Creamy Cavatappi Pasta

Cavatappi pasta is corkscrew shaped and great with creamy sauces. Serve it with a creamy white sauce, spinach, and sundried tomatoes for an easy dinner!

Cavatappi pasta

This post was created in partnership with DeLallo. All opinions are our own.

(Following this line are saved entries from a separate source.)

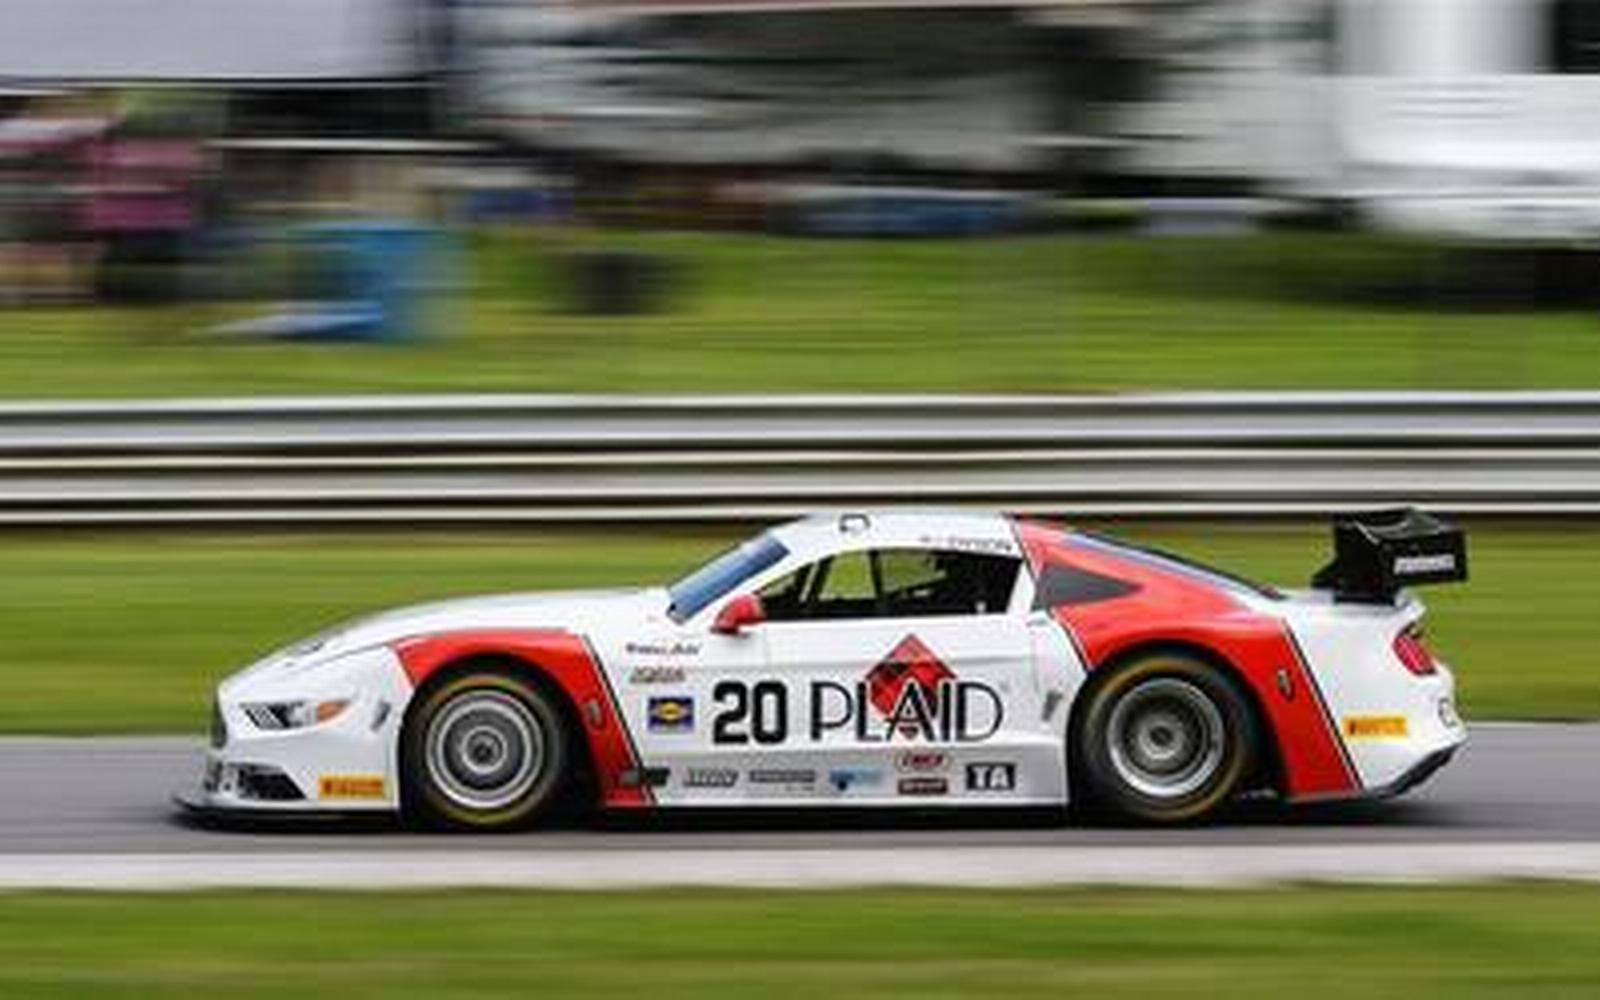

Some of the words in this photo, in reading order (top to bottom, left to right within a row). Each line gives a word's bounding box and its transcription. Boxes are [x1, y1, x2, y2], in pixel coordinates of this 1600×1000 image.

[713, 681, 787, 744] 20
[811, 681, 1003, 741] PLAID
[972, 766, 1011, 788] TA
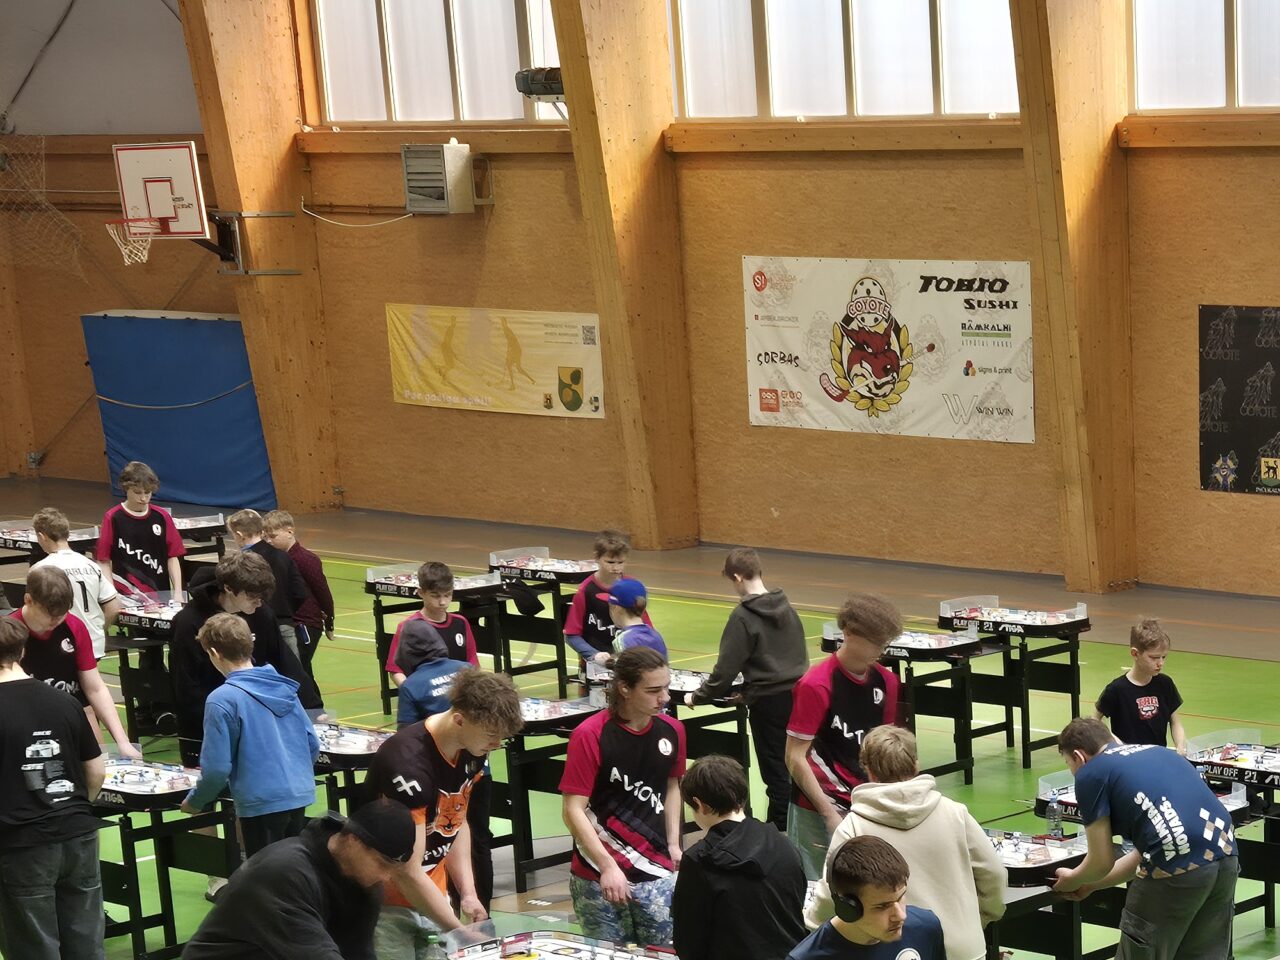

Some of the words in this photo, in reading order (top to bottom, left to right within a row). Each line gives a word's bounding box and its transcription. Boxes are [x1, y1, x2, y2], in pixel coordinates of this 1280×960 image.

[848, 298, 890, 317] COYOTE
[963, 298, 1019, 311] SUSHI
[1203, 349, 1240, 361] COYOTE
[975, 406, 994, 416] WIN
[996, 407, 1014, 417] WIN
[1240, 406, 1278, 418] COYOTE
[118, 538, 164, 575] ALTONA
[76, 581, 90, 613] 1
[588, 613, 622, 637] ALT
[983, 622, 993, 631] 21
[999, 623, 1025, 633] STIGA
[831, 714, 865, 745] ALT
[1203, 763, 1221, 775] PLAY
[1223, 766, 1239, 778] OFF
[1244, 770, 1258, 783] 21
[609, 766, 665, 815] ALTONA

Here’s a tasty pasta recipe that’s comfort food with a healthy spin: our creamy cavatappi pasta! It’s one of Alex and my favorite pasta shapes, paired with a creamy sauce that coats the noodles perfectly. It’s cheesy but not too rich, made with a secret ingredient to infuse nutrients. It’s perfect as a weeknight pasta dinner but fancy enough for entertaining. Our son Larson could not get enough of this “mac and cheese” (his words)! It’s made with our favorite Italian pasta brand: Delallo. They’re a family business that knows how to make the best pasta out there.

What is cavatappi pasta?

Cavatappi means corkscrew in Italian! Cavatappi pasta is like macaroni that’s shaped into corkscrews. This unique type of pasta is best eaten with creamy or chunky sauces. Our favorite is this creamy cavatappi recipe (scroll down), or it makes a mean mac and cheese! Alex and I love this pasta shape because it’s unique and substantial: we find that the unexpected shape slows us down to really enjoy each bite.

Cavatappi pasta

What’s in this cavatappi pasta recipe?

This recipe is a fantastic way to eat cavatappi! The sauce is creamy and cheesy, but it’s hiding some good-for-you ingredients too. It’s perfect with a green salad or garlic bread. Here are our secrets to this creamy cavatappi pasta recipe:

  • Cavatappi pasta. Cook it to al dente to enjoy the full effect of this dish. Get the best quality pasta you can find (here’s the Delallo cavatappi we used).
  • Creamy cauliflower sauce. Here’s the secret: cauliflower! Our cauliflower sauce is a healthy alfredo sauce that blends cauliflower with garlic, spices, and a little Parmesan. It’s terrifically good and it’s got all the nutrients of cauliflower. For vegan, use our Vegan Alfredo Sauce!
  • Baby spinach. A few handfuls of spinach make for another dose of nutrients. You’ll cook the spinach in the pasta water in the last minute, so you don’t need to dirty an extra pot!
  • Sundried tomatoes. Finely chopped sundried tomatoes add a savory component that makes the entire dish just right!
Creamy cavatappi pasta

All about Delallo pasta!

Delallo is our favorite Italian foods brand, a family business that’s been around since the 1950’s. They’re obsessed with quality and making the very best in Italian foods. Pasta, tomatoes, pesto, meats and cheeses, olives and antipasti, bruschetta—they do it all.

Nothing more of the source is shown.